Various causative factors such as hairs, prolonged sitting, overweight, etc., predispose to PSD development. We suspect that excessive sweating may be one of the causative factors as well, but there is currently no proof. Hair is one of the leading causative factors for PSD [18
]. Conventionally, it is believed that hair fragments from the intergluteal fold are responsible for PSD [3
]. However, the latest research on the origin of the causative hair suggests that occipital hair could be responsible for PSD rather than hair from the intergluteal fold or lumbar region [22
]. These two causative factors (hair and suspectedly sweating) are important because they are the only two modifiable risk factors and can help prevent the disease in the future. These can be easily modified by regular removal of hair (or decreasing hair growth by the laser procedure) and frequent talcum powder application in the intergluteal cleft. These lifestyle changes need to be maintained for at least five years after the procedure. This protocol was followed in this study, and it was significantly effective in preventing recurrence in the healed patients on long-term follow-up. A flap procedure can circumvent the need for these precautions as it flattens the upper buttocks’ contour. Once the natal cleft is flattened, accumulation of hair and sweat in the intergluteal cleft is drastically reduced, and hence the likelihood of recurrence is minimized. But, a significant proportion of patients prefer to prevent disease recurrence by countering predisposing factors rather than by altering their anatomy [18
]. This was highlighted in a recent study in which 97.1% of patients did not prefer a flap procedure but opted for techniques that preserved the contour of the upper buttocks [18
]. They did not mind hair clearing and powder application to prevent the disease recurrence [18
]. The main reasons for not preferring procedures that flatten the upper buttocks (flap procedures) were the permanent change in anatomy, more prominent scar, and loss of cosmesis (since the presence of a cleft in upper buttocks may have cosmetic value). Since PSD is primarily a disease of young people [18
], it is understandable that many young patients would not agree to flatten their gluteal contour.

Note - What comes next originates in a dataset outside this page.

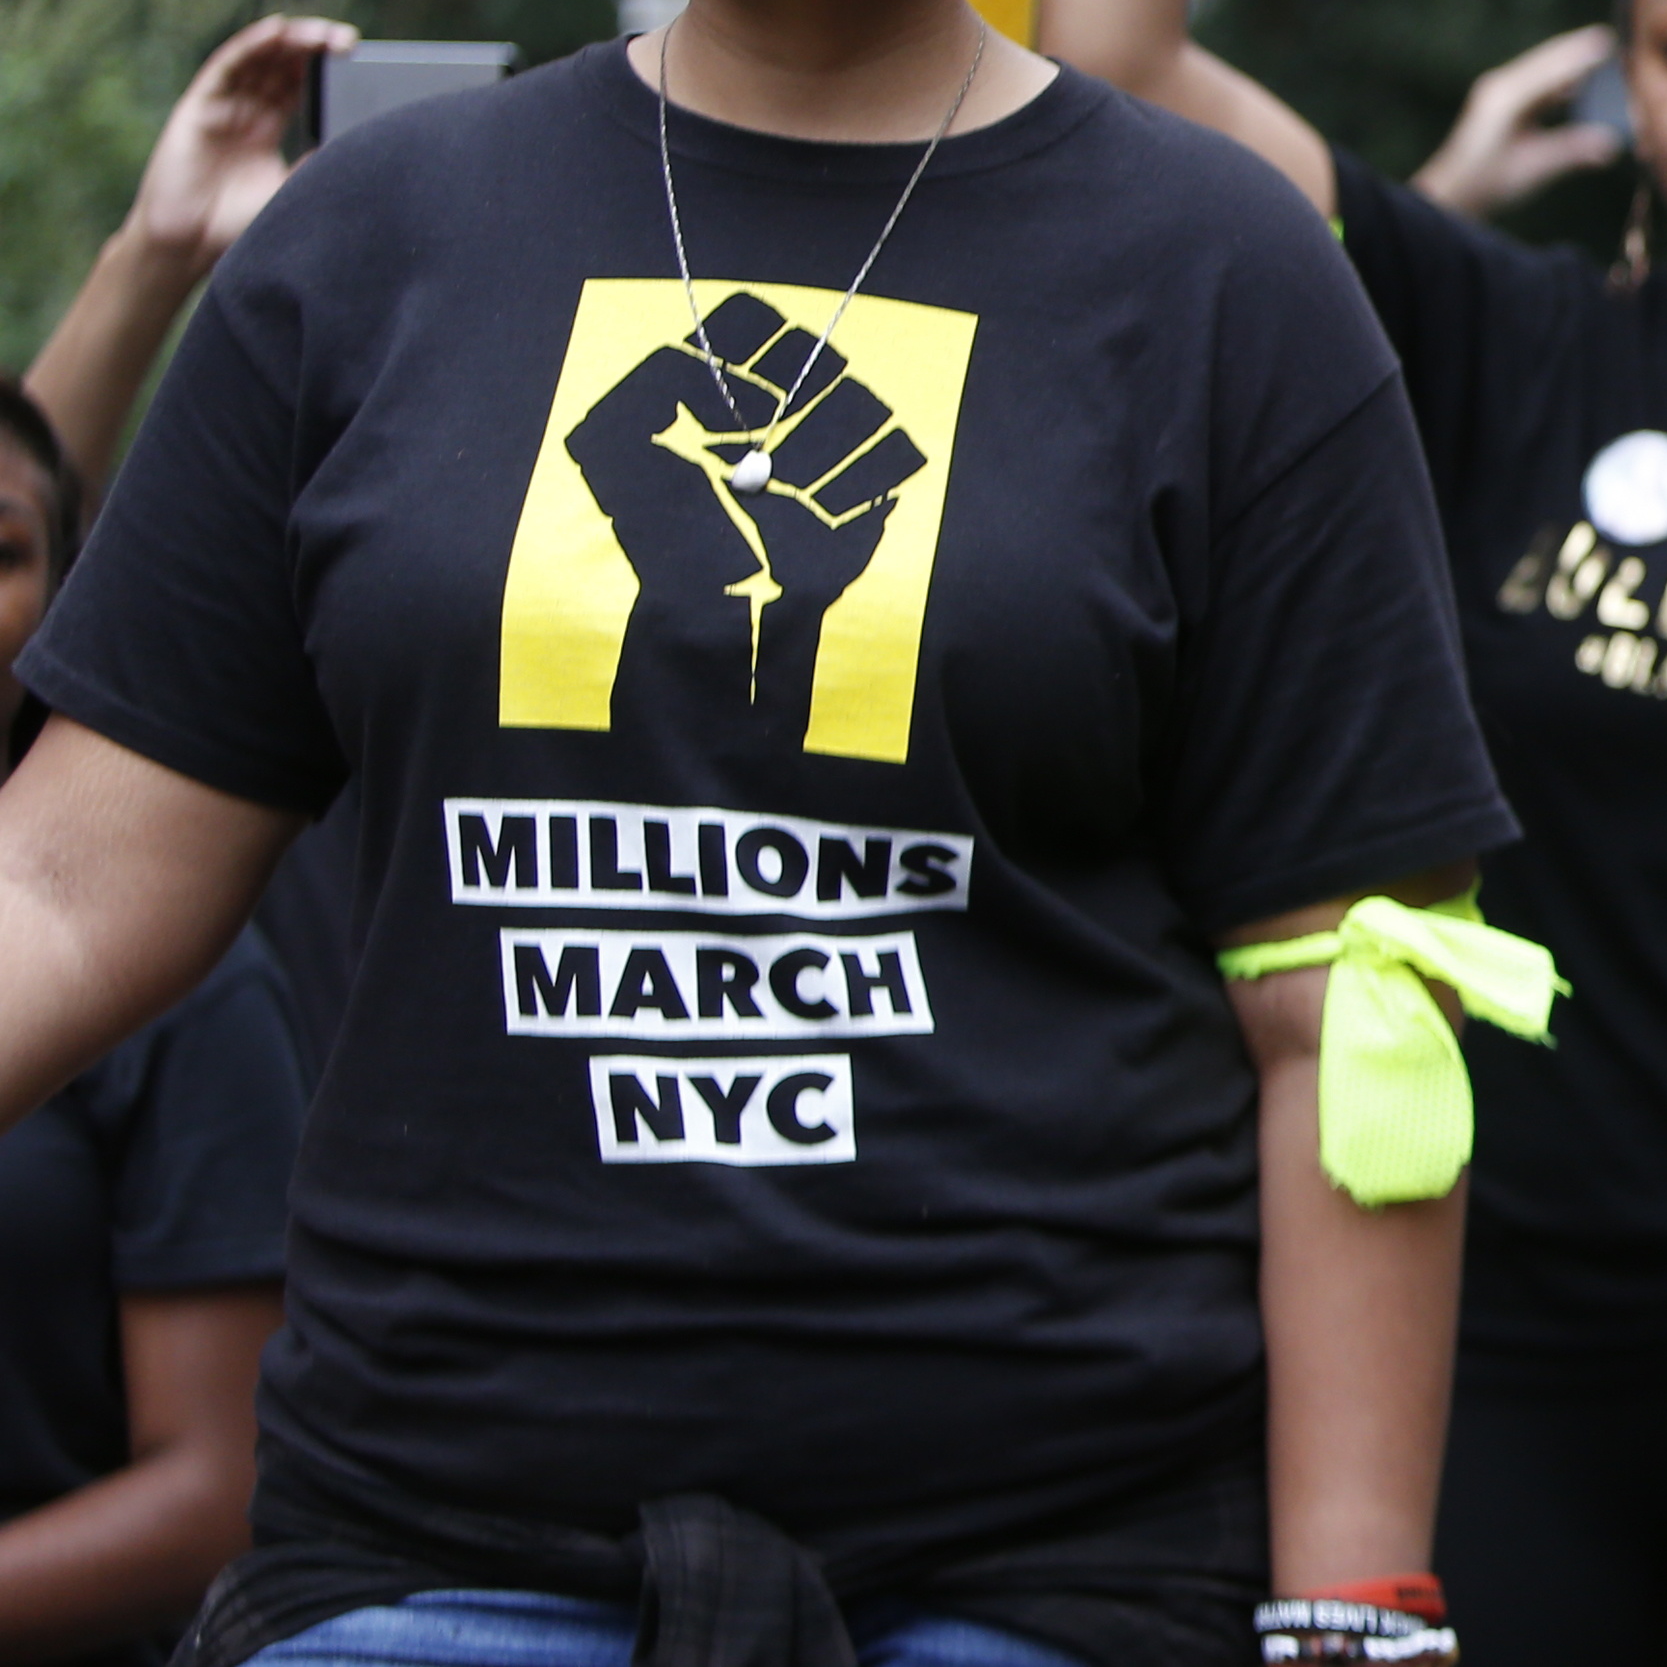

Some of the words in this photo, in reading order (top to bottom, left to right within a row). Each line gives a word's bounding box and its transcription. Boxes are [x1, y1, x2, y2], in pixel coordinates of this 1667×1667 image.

[457, 811, 960, 903] MILLIONS
[513, 945, 913, 1020] MARCH
[608, 1071, 838, 1145] NYC
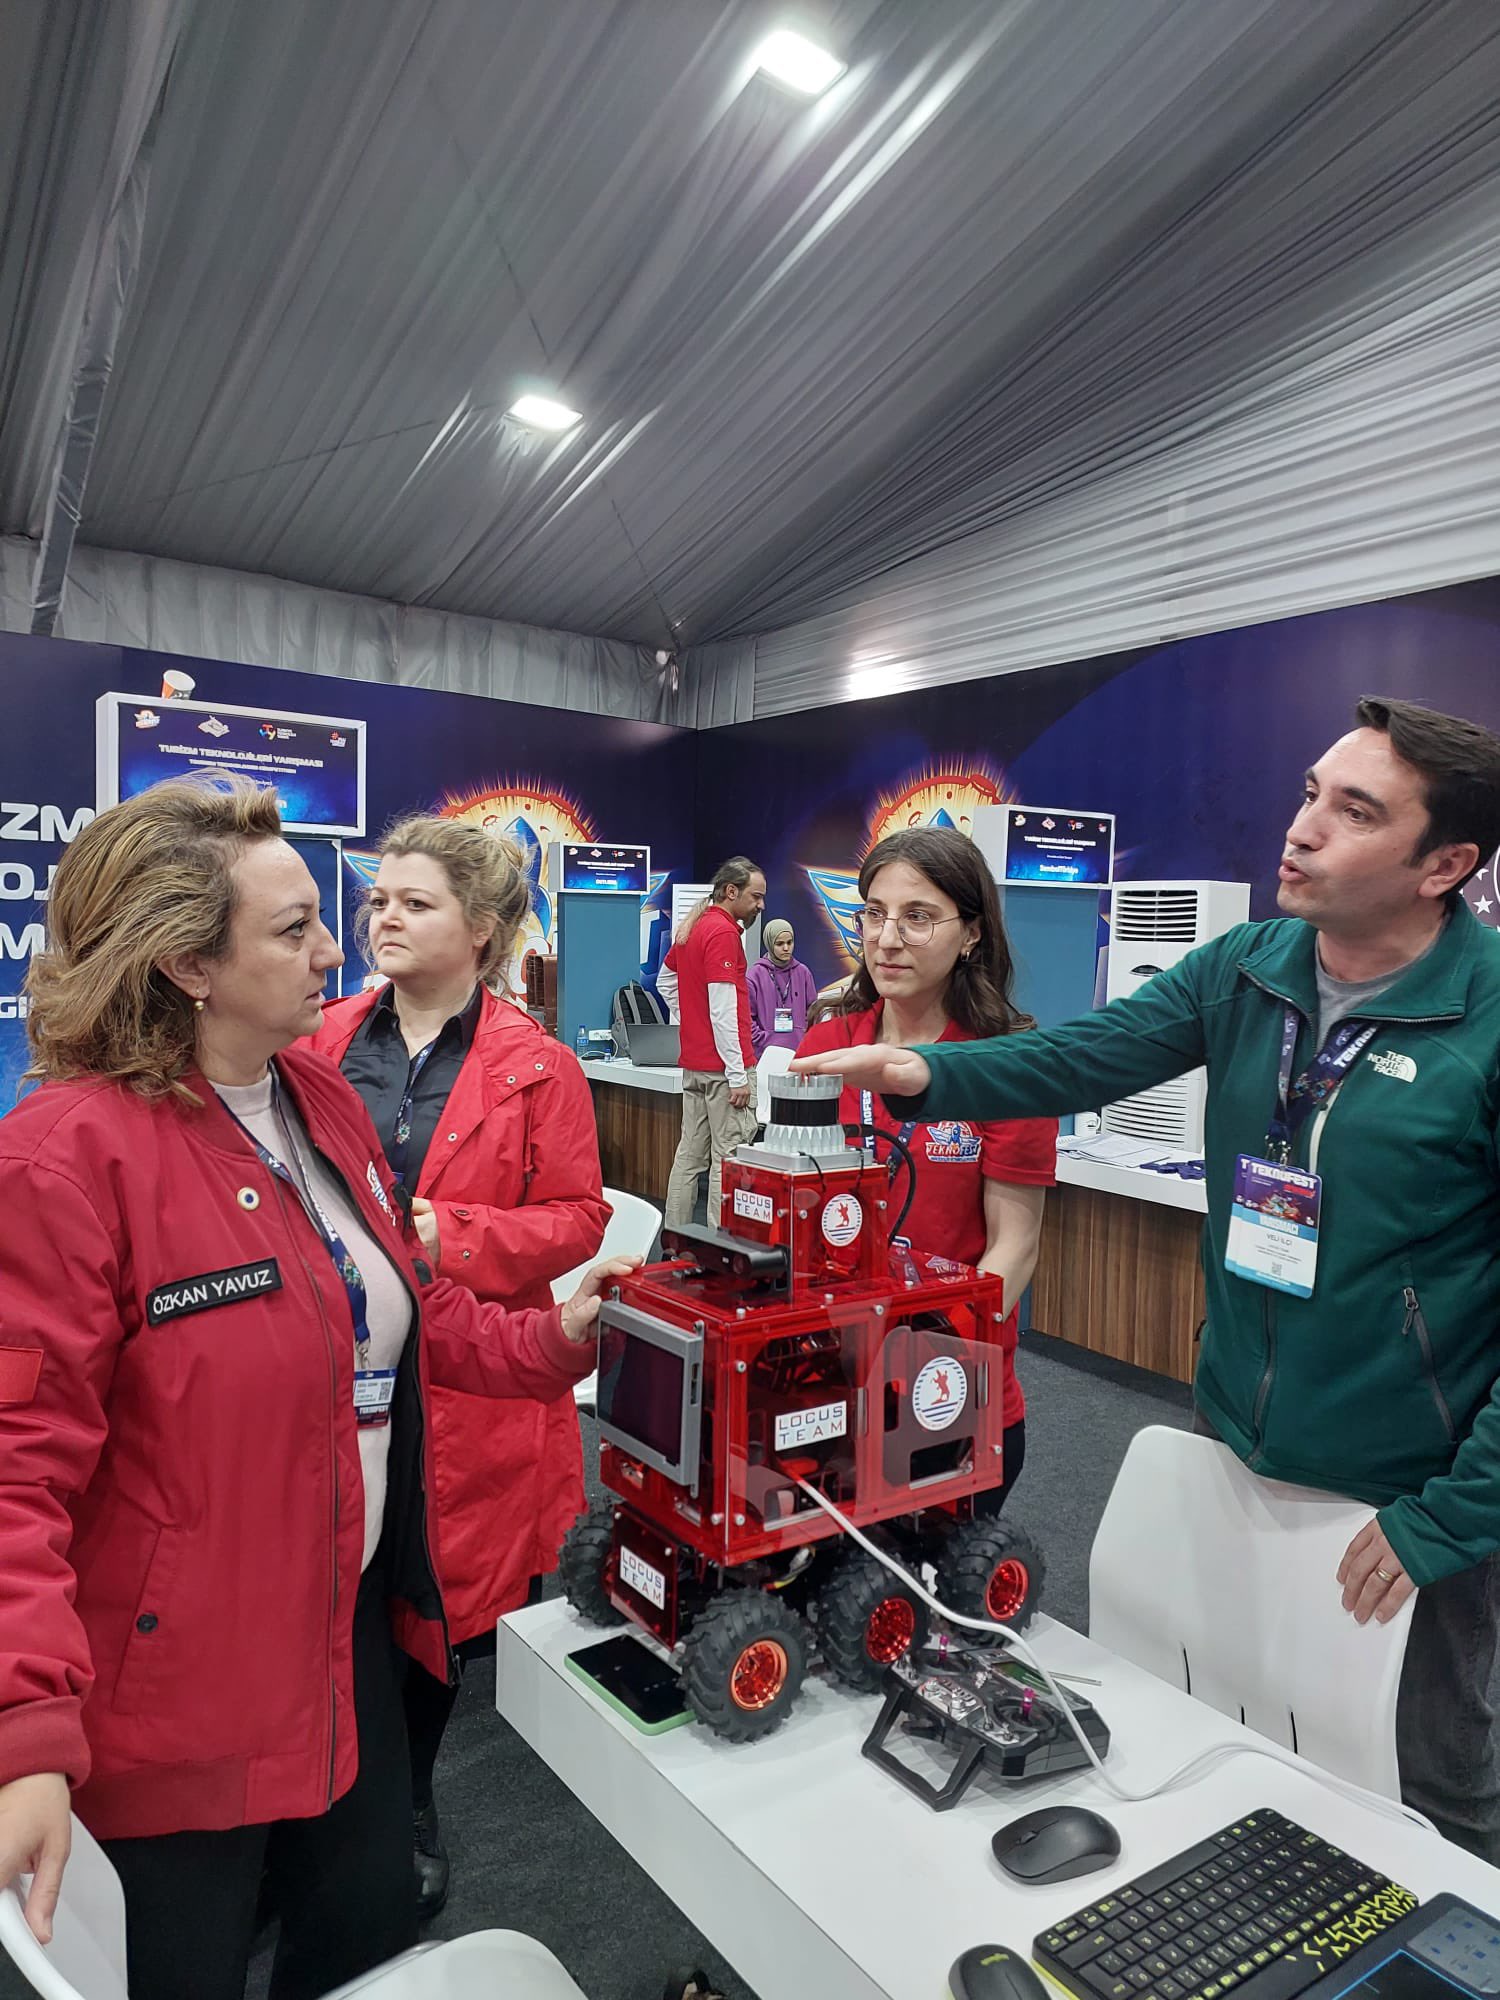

With the advent of endoscopic surgery in other parts of the body, endoscopy has also been performed in PSD [10
]. The use of endoscopic equipment can be justified when the surgery is performed in a deep plane, but when the pathology is just skin-deep, the use of endoscopic procedures seems illogical. It is in effect advocating an endoscopic approach to drain and cauterize a small subcutaneous abscess. Moreover, endoscopy increases the cost without substantially increasing the success rate [19
As newer technologies using lasers were developed, these were also utilized in the treatment of PSD [10
]. This unnecessarily increased the cost of the treatment. The use of expensive equipment (as required in laser procedure) is perhaps not needed, as the same purpose (ablation of the infected epithelium of the pilonidal tract/cavity) can be conveniently achieved with electrocautery at nominal cost [10
The study had limitations. First, the study would have been much more informative if there were two comparative groups with properly calculated sample size in each group, and the success rate, healing time, and complications between them could be statistically compared. Second, though the procedure was associated with minimal pain and most patients could resume work within 3–4 days, the pain assessment should have been done by an objective pain scoring system and a patient satisfaction survey. That would have enhanced the objectivity of the results of the study.